Let’s hit some of those wire-strewn narrow streets that time seems to have forgotten. Let’s pop in a store-front or two along the way, then drift into the main market square.
Rich colors beckon, wool sleeves sway with each wind gust. Facets of glass beads catch the light, while wooden ornaments click together.
Shyly smiling women huddle near wares.
“Make this my first sale of the day,” they entice, fingers pressing tightly knitted knots, ruffling through piles of sweaters.
Saturated hues pile up on seemingly impossibly organized tables; stacks of silver, strands of gold wound around smooth brown necks. Thick, straight hair severely parted and smoothly tamed into a braid that snakes down each back, abruptly ending in a woven inch of trim.

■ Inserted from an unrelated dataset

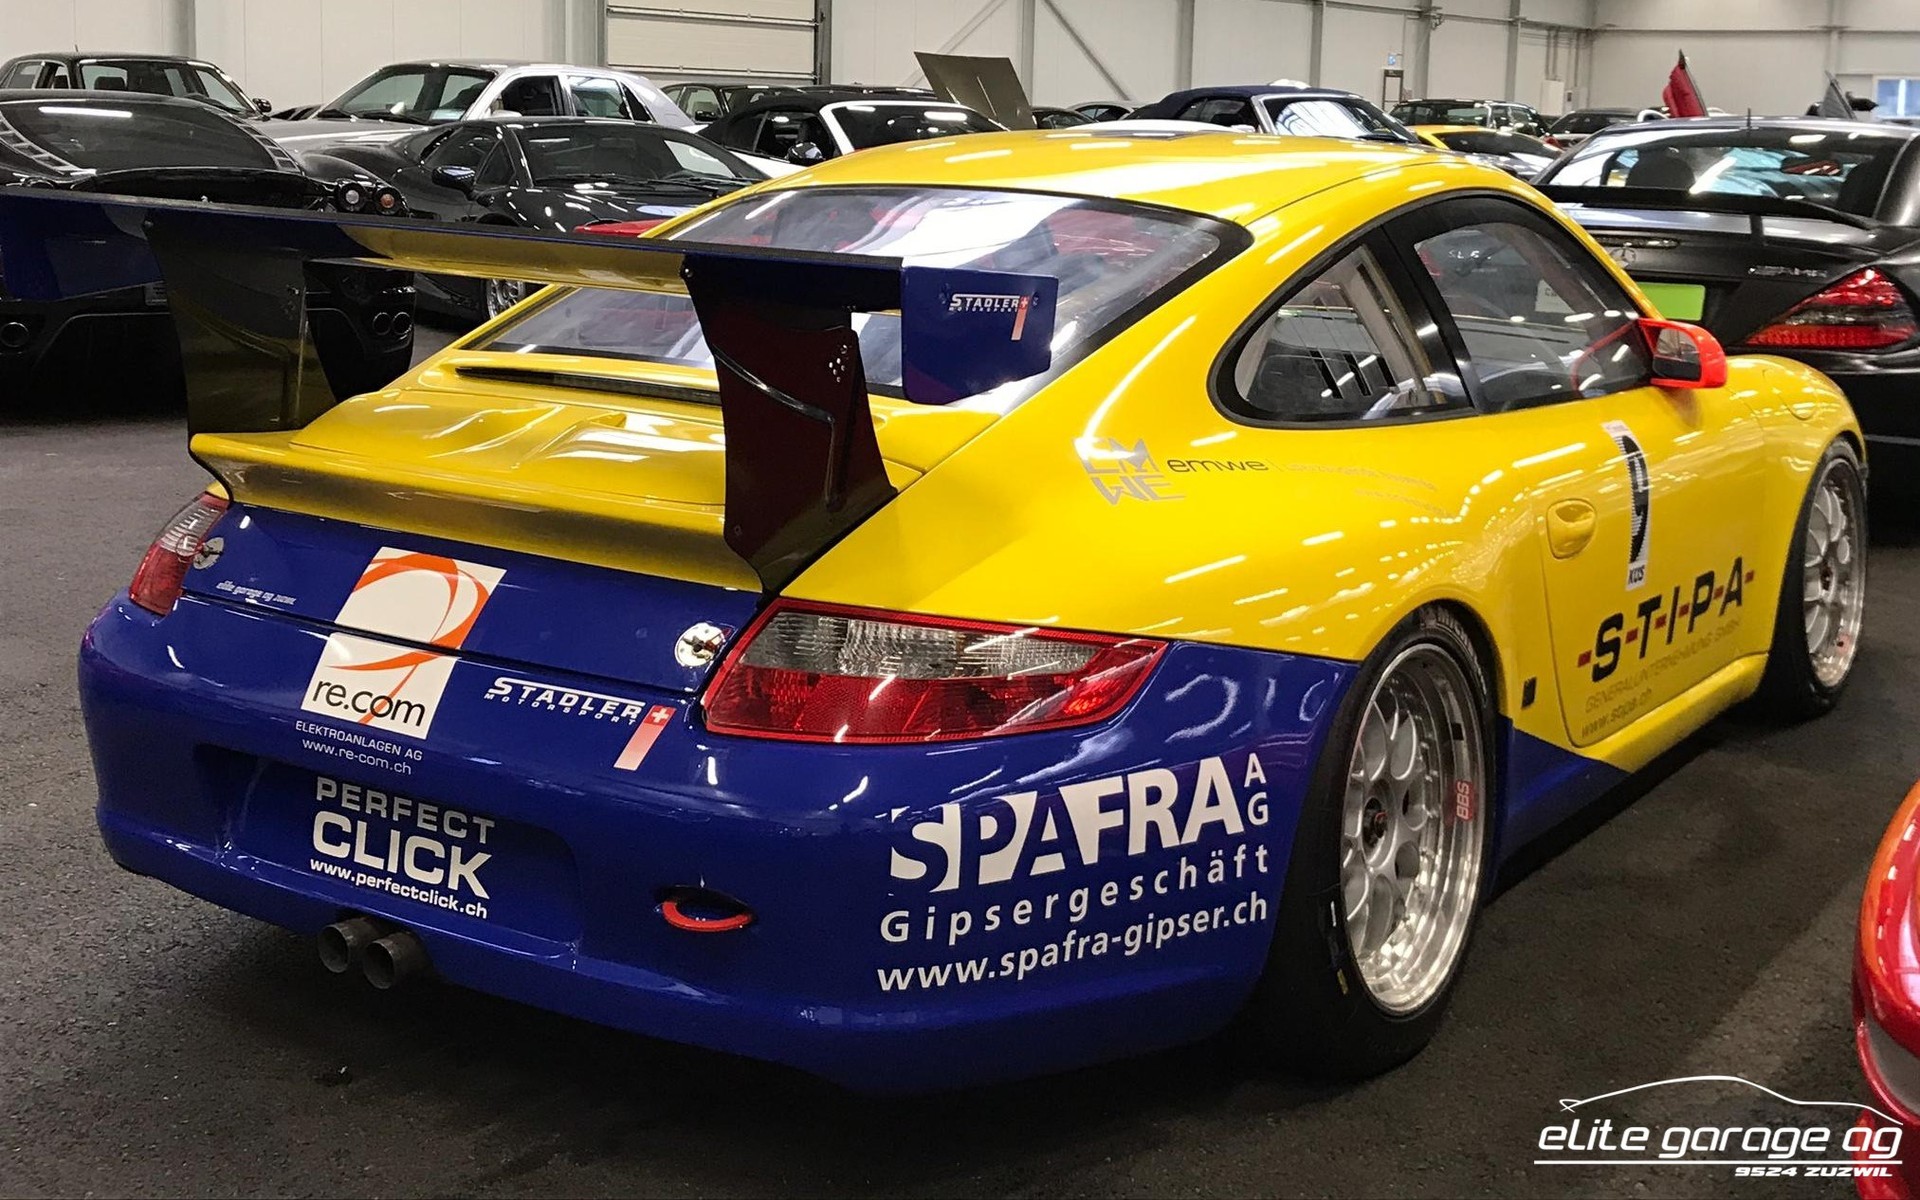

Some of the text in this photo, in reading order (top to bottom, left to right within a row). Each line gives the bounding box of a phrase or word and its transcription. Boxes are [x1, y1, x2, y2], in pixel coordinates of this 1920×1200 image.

Mid-length sleeves lacily flutter with each movement, each re-stacking of the pile. Chest ruffles make embroidered flowers dance as arms reach up to re-hang pants.
Feet shuffle, or sit crossed, tucked under straight navy wrap-around skirts. This is a people proud; a people who haven’t changed dress, or home or handicraft in hundreds of years. Their sheep provide the wool, the plants the dyes, their skilled fingers and eyes the flair. And whispered instructions pass trade secrets from generation to generation. One’s great great grandfather may have sold to regal Inca kings, now this one sells to salivating tourists with pale, sunburned skin.
If the clothing costs are too dear, even after a bargain beginning at half the proposed price, a few coins and a smile will buy a knotted friendship bracelet. You can tie mine on, while I fasten on yours.
And with wallets empty and arms bearing bags of goods, we’ll tote our wool and scarves and leather and beads to the tourist van, which will carry us across the barren plain to home.
Come back, soon.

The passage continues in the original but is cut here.